Copy out the entries that follow exactly, leaving every picture behind.

### MATERIAL PROVIDED
· · · · ·
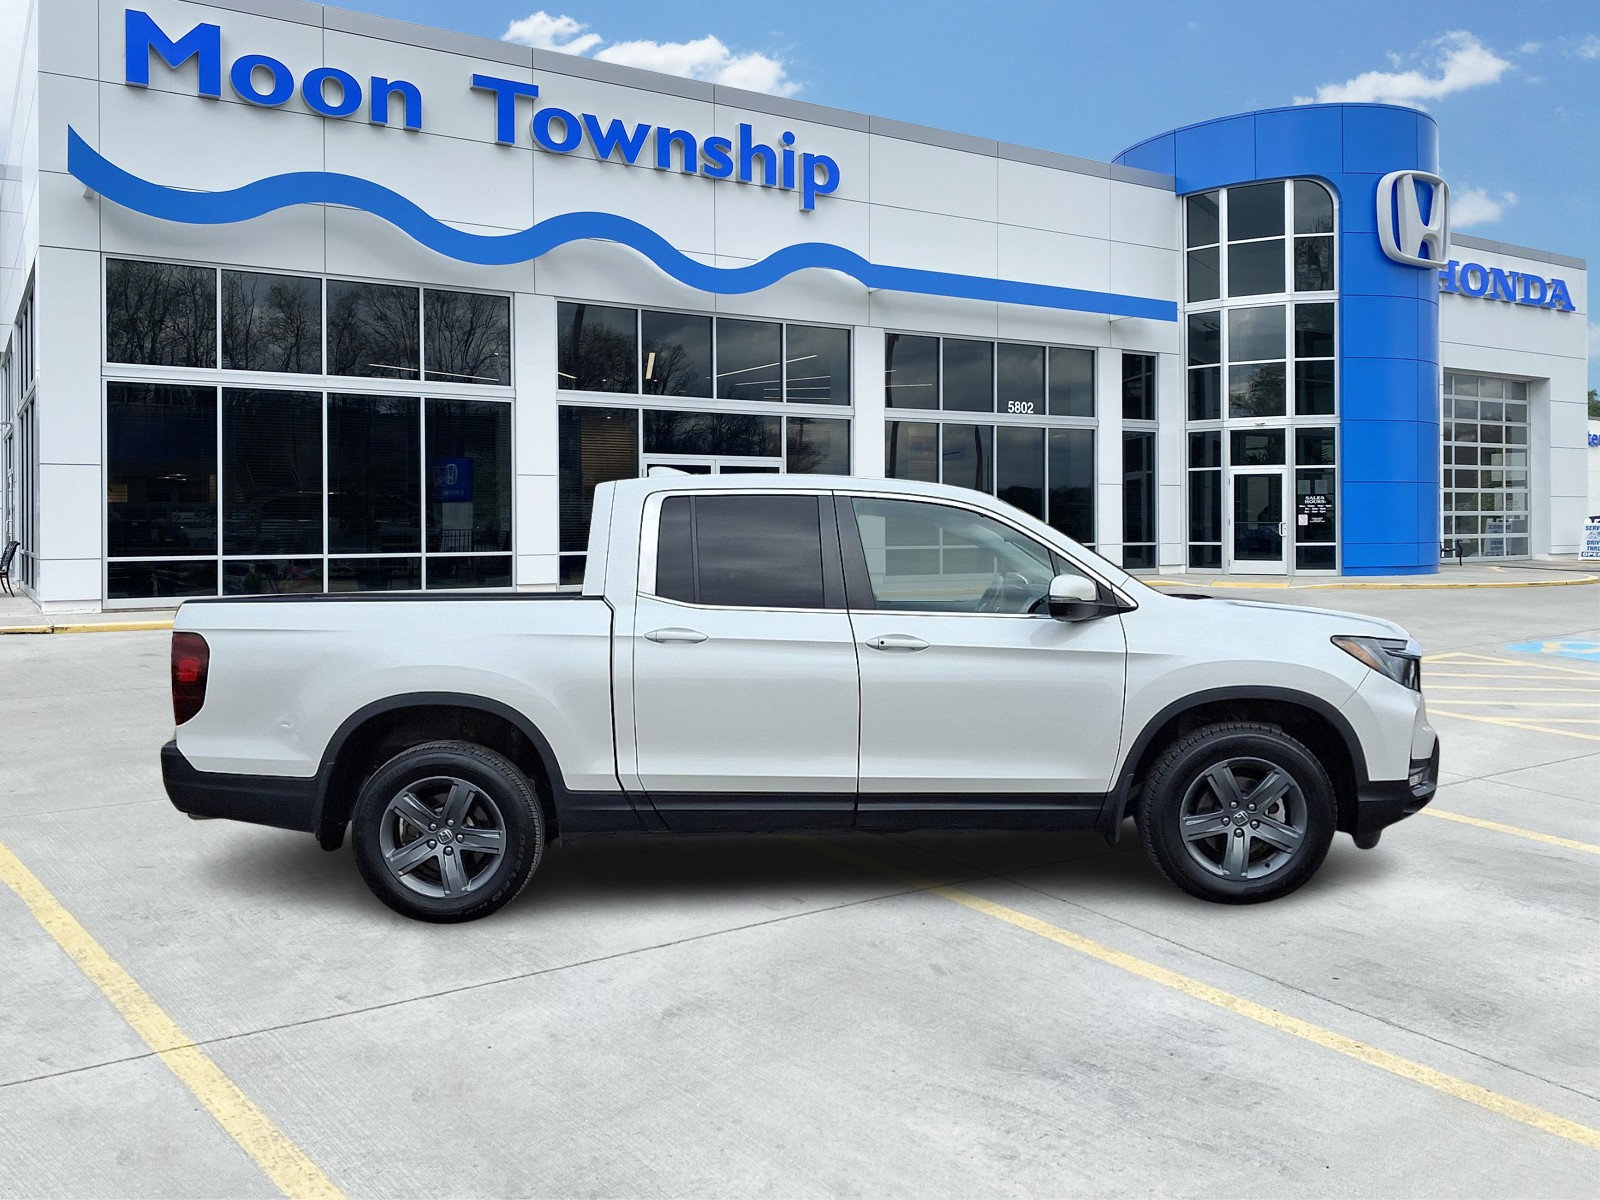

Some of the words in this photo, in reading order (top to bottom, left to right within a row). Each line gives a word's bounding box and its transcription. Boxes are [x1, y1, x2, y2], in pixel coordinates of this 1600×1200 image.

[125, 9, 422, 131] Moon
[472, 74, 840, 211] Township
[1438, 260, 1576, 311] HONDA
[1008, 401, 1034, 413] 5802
· · · · ·
### WRITTEN ANSWER
Some of the words in this photo, in reading order (top to bottom, left to right within a row). Each line gives a word's bounding box and its transcription. Boxes are [x1, y1, x2, y2], in pixel coordinates of this 1600×1200 image.

[125, 9, 422, 131] Moon
[472, 74, 840, 211] Township
[1438, 260, 1576, 311] HONDA
[1008, 401, 1034, 413] 5802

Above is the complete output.